Targeted Apoptosis of Senescent Cells Restores Tissue Homeostasis in Response to Chemotoxicity and Aging

Peter L.J. de Keizer et al. (2017). Cell 169, 132-147.e116.

Date: November 21st, 2017

Speaker: Wan-Ning Li (李婉寧)

Commentator: Dr. Chi-Wu Chiang (蔣輯武 老師)

Abstract

Cell senescence is a condition that cells are whithdrwan from the cell cycle for a long term of time without undergoing programmed cell death. Persistent senescent cells are thought to be correlated with accelerated aging and the onset of age-related diseases, however, the mechanism of how these damaged cells escape from apoptosis and proceed toward senescence remains largely unclear. In present study, the author identified FOXO4-p53 interaction, which was found invovled in senescence-related pathologies, is critical for determining cell fate.
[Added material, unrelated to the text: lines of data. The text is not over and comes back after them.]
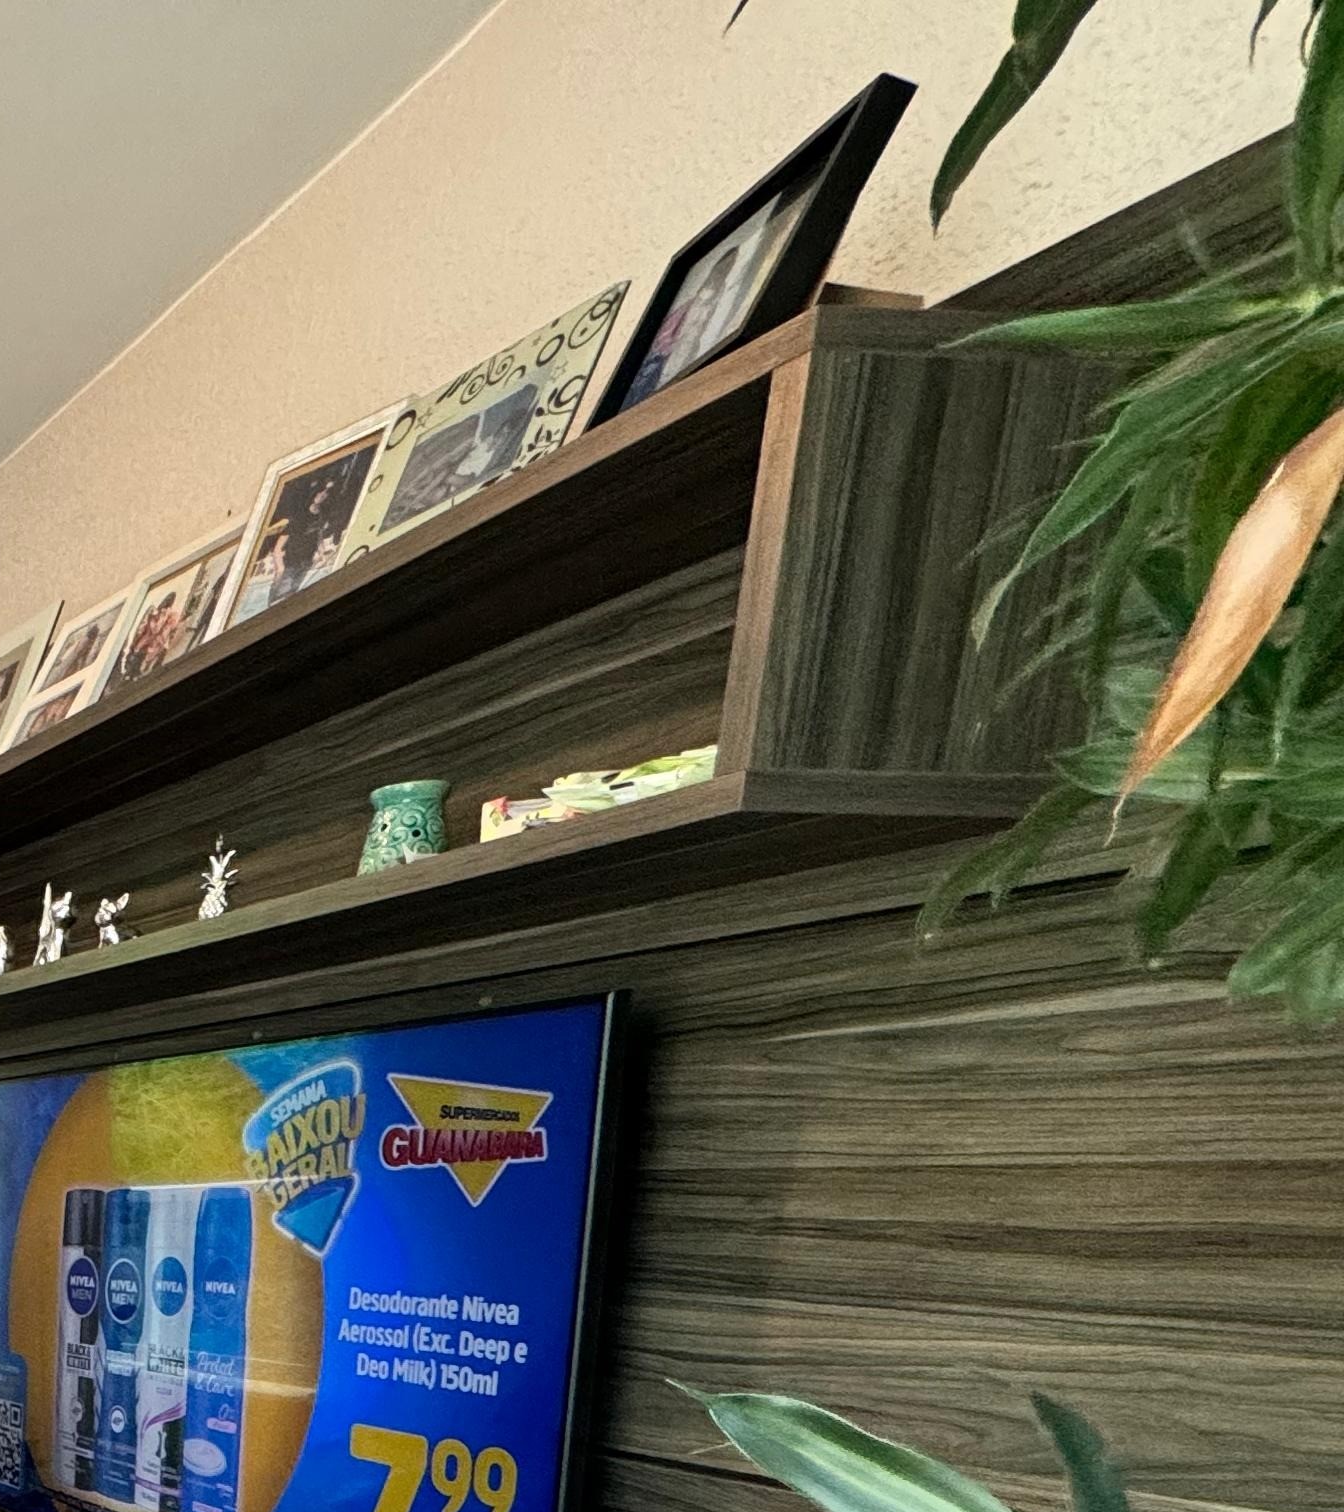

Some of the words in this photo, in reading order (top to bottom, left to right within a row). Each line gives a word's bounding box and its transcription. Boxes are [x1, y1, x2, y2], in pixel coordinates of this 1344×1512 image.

[270, 1079, 328, 1127] SEMANA
[245, 1094, 366, 1193] BAIXOU
[382, 1126, 544, 1168] GUANABARA
[272, 1142, 353, 1208] GERAL
[70, 1275, 95, 1288] NIVEA
[110, 1279, 138, 1293] NIVEA
[155, 1280, 183, 1293] NIVEA
[205, 1281, 236, 1295] NIVEA
[349, 1286, 459, 1320] Desodorante
[462, 1295, 520, 1325] Nivea
[338, 1318, 410, 1349] Aerossol
[412, 1322, 455, 1355] (Exc.
[459, 1330, 510, 1365] Deep
[514, 1341, 528, 1364] e
[356, 1353, 389, 1379] Deo
[392, 1357, 437, 1390] Milk)
[440, 1363, 499, 1396] 150ml
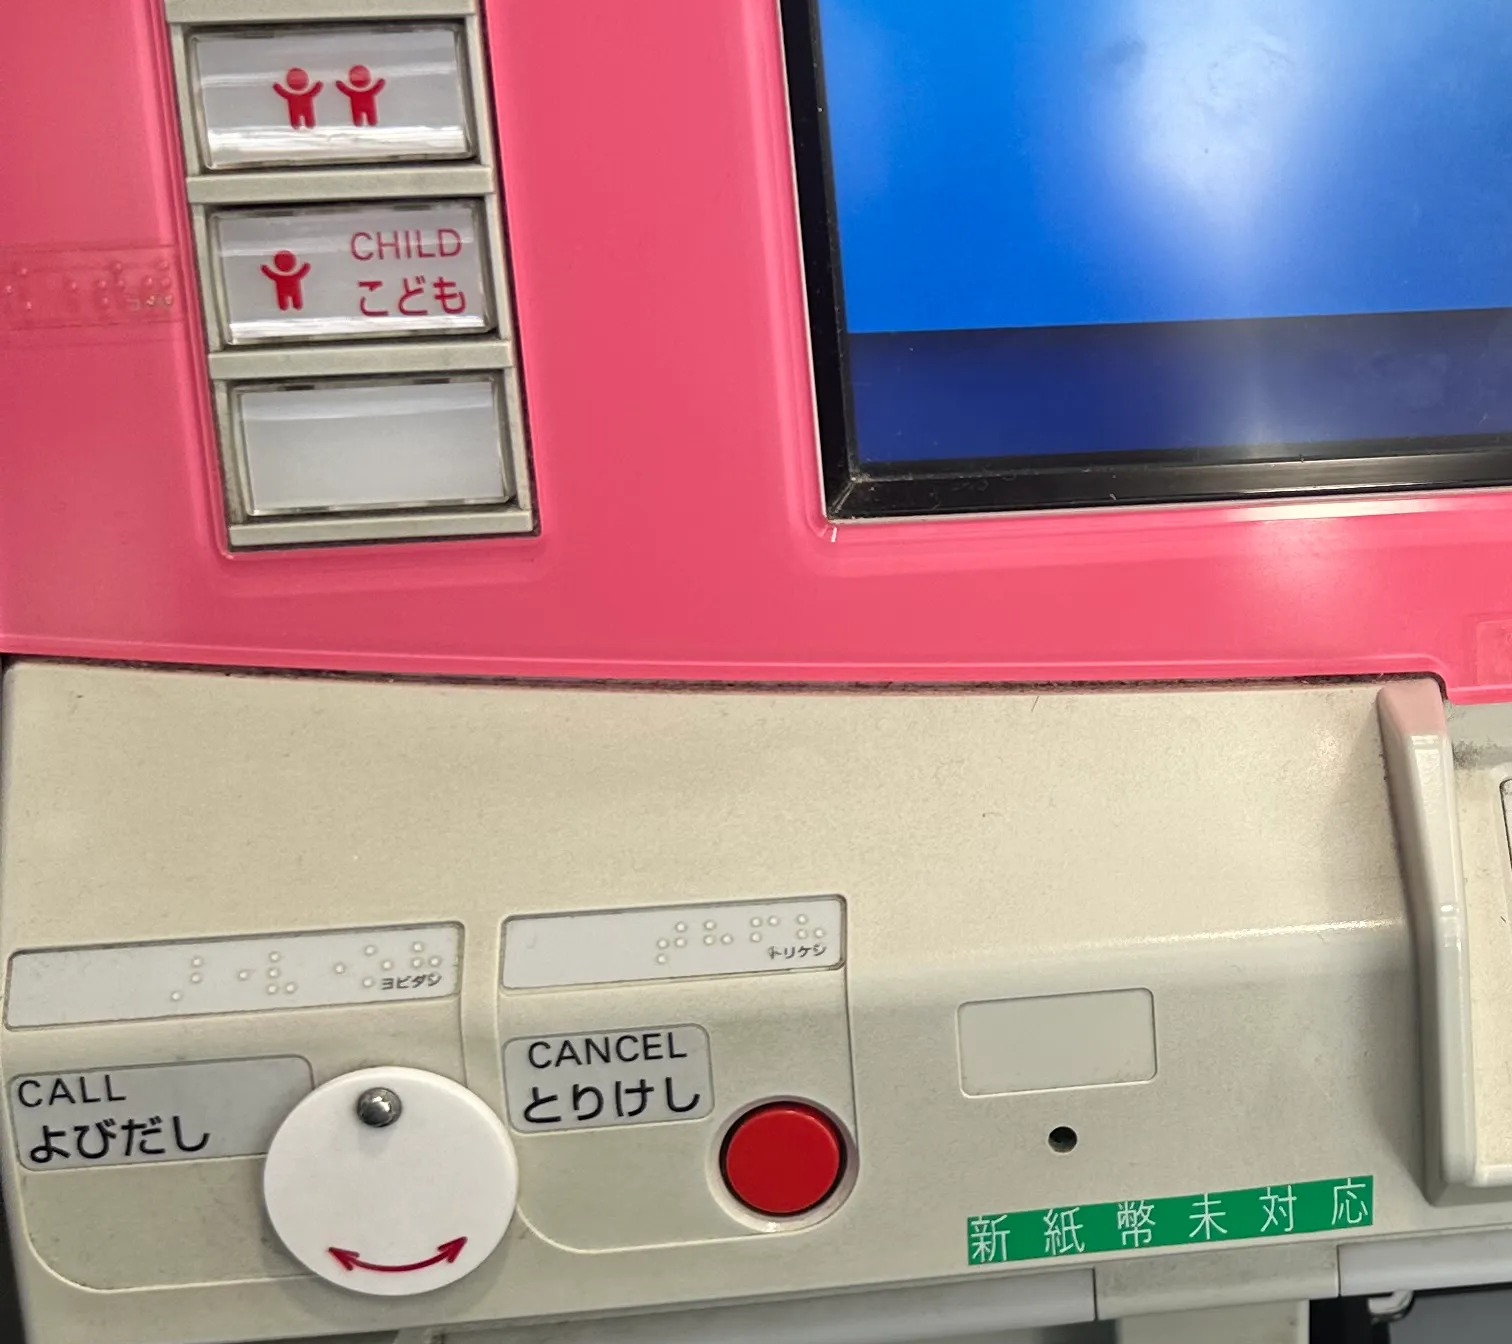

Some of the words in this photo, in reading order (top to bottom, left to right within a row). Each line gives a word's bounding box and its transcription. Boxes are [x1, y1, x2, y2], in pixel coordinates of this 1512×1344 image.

[350, 229, 462, 260] CHILD
[356, 275, 468, 317] こども
[768, 944, 826, 959] トリケシ
[527, 1031, 688, 1070] CANCEL
[17, 1076, 126, 1108] CALL
[521, 1086, 701, 1125] とりけし
[27, 1115, 210, 1164] よびだし
[971, 1178, 1368, 1263] 新紙幣未対応
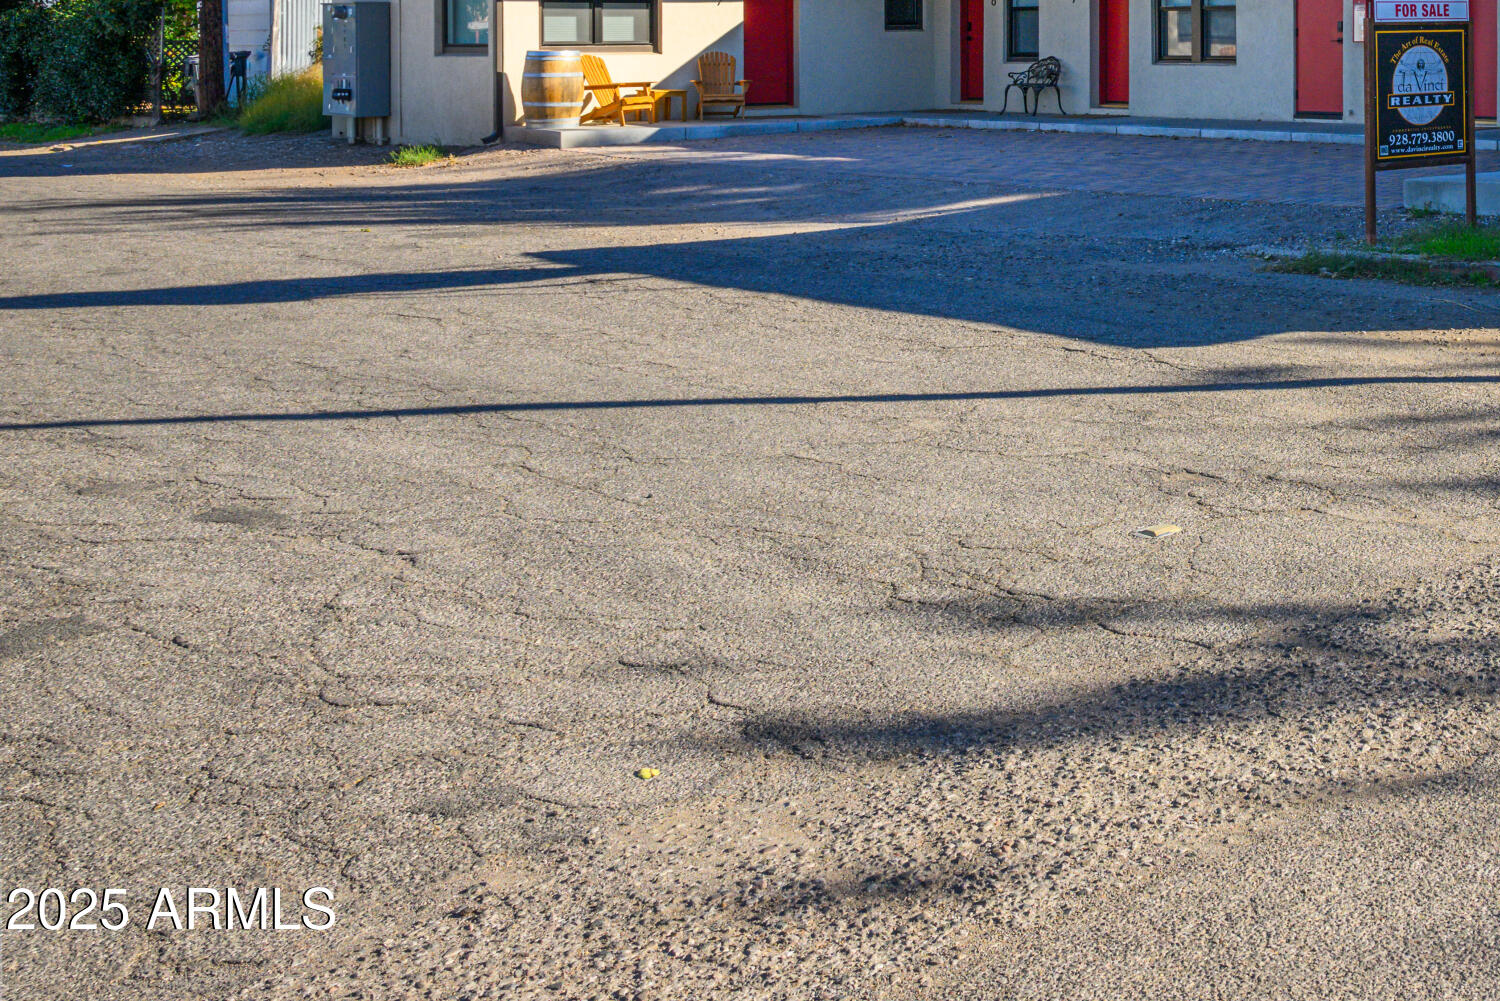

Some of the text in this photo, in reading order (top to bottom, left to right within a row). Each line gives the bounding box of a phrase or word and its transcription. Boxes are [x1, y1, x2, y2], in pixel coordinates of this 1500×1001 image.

Thus, interfering FOXO4-p53 interaction by FOXO4-DRI, an artificial cell-penetrating peptides (CPPs), was considered to be a potential strategy for disrupting the effect. Furthermore, rather than senolytics such as Quercetin/Desatinib and ABT-263/737, FOXO4-DRI was proved to be more selective and effective to against senescent cells but safe to normal cells. Given the potency of this peptide in vitro, the author then employed the three in vivo senescence-related mice models by monitoring the p16::3MR system to see whether FOXO4-DRI could be applied to therapeutic use. No matter in which of the models, chemotoxicity, accelerated aging, or natural aging, FOXO4-DRI was found powerful to counteract the effect resulted from cell senescence. In conclusion, therapeutically making use of FOXO4-DRI is promising for targeting senescent cells, which may help restoring tissue homeostasis after the loss of health has already occurred.